■ Record excerpts:
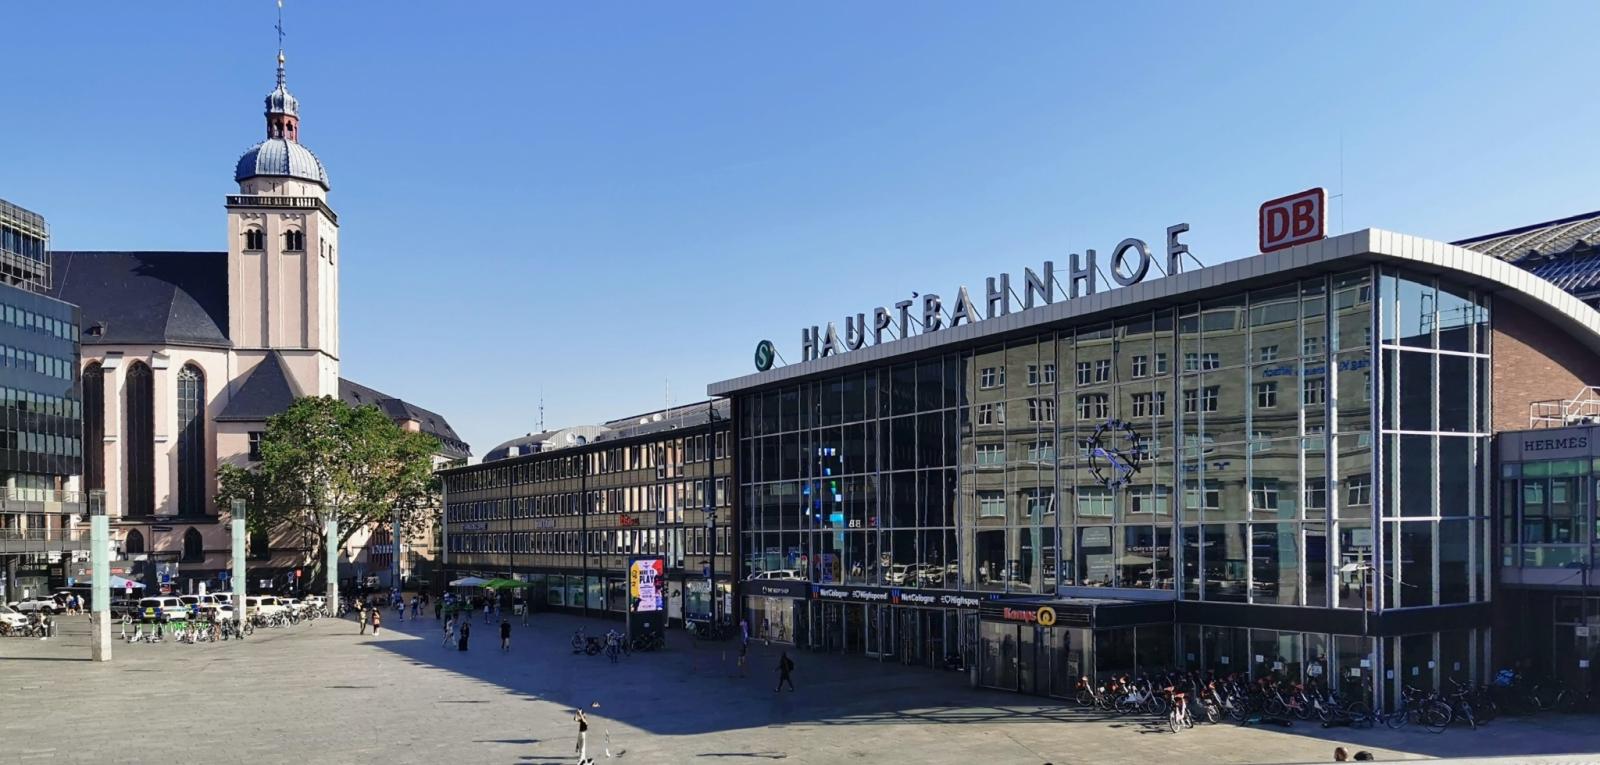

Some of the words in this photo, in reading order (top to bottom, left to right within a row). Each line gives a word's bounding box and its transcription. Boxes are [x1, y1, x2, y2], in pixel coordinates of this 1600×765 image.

[1267, 199, 1315, 243] DB
[801, 222, 1190, 362] HAUPTBAHNHOF
[756, 343, 769, 369] S
[639, 575, 654, 584] PLAY
[820, 588, 849, 599] NetCologne
[901, 593, 935, 604] NetCologne
[951, 595, 979, 607] Highspee
[1003, 607, 1036, 623] Kamps
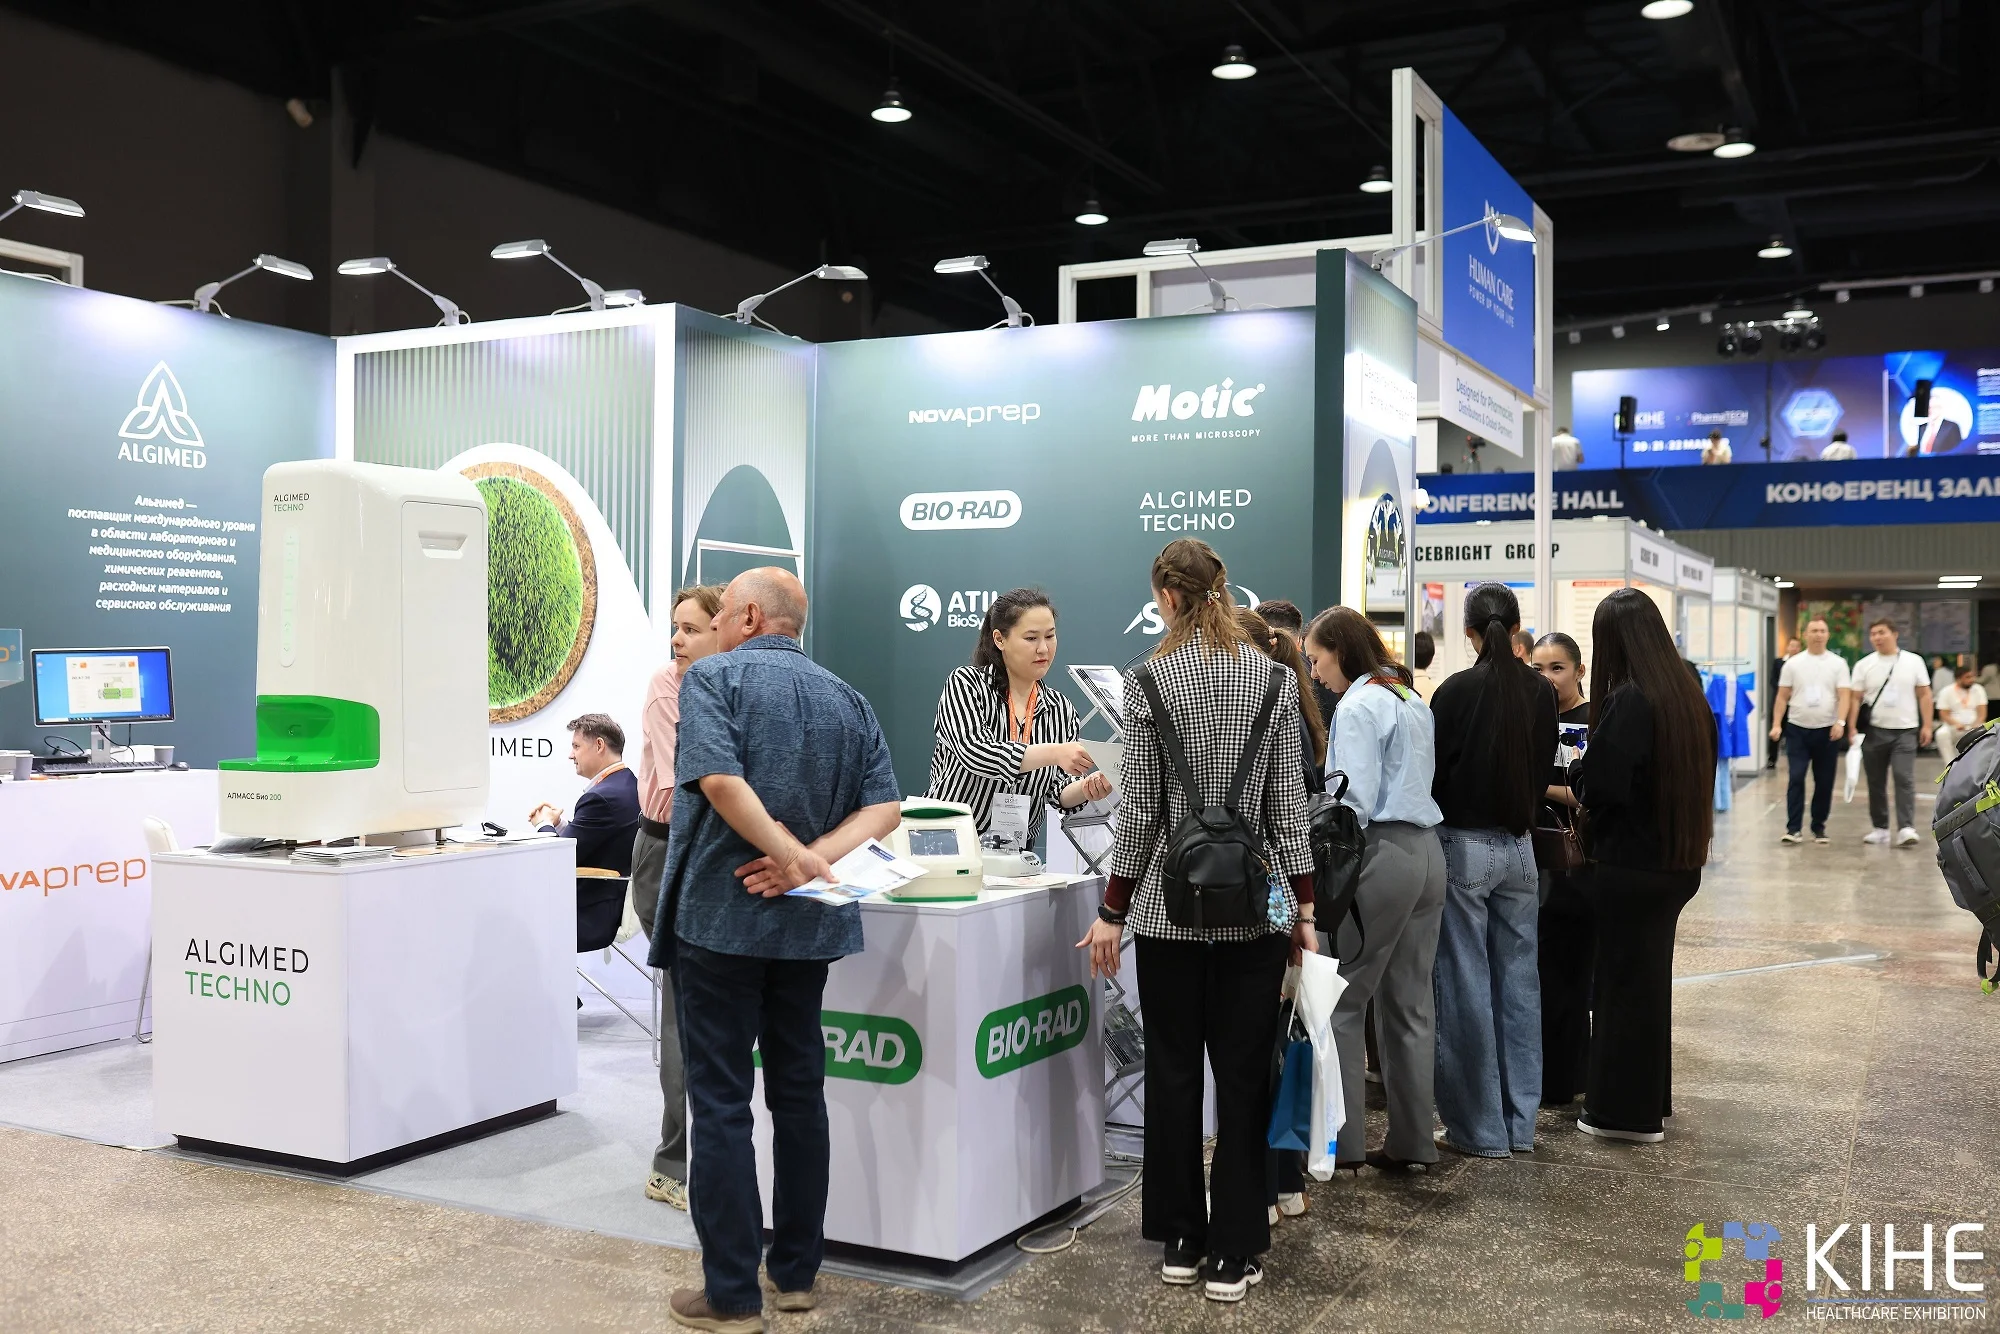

■ Action item: Your copy must reproduce the entries above in full, without their pictures.

■ Exercise solution:
Some of the words in this photo, in reading order (top to bottom, left to right within a row). Each line gives a word's bounding box and its transcription. Boxes are [x1, y1, x2, y2], in pixel coordinates of this 1600×765 image.

[1267, 199, 1315, 243] DB
[801, 222, 1190, 362] HAUPTBAHNHOF
[756, 343, 769, 369] S
[639, 575, 654, 584] PLAY
[820, 588, 849, 599] NetCologne
[901, 593, 935, 604] NetCologne
[951, 595, 979, 607] Highspee
[1003, 607, 1036, 623] Kamps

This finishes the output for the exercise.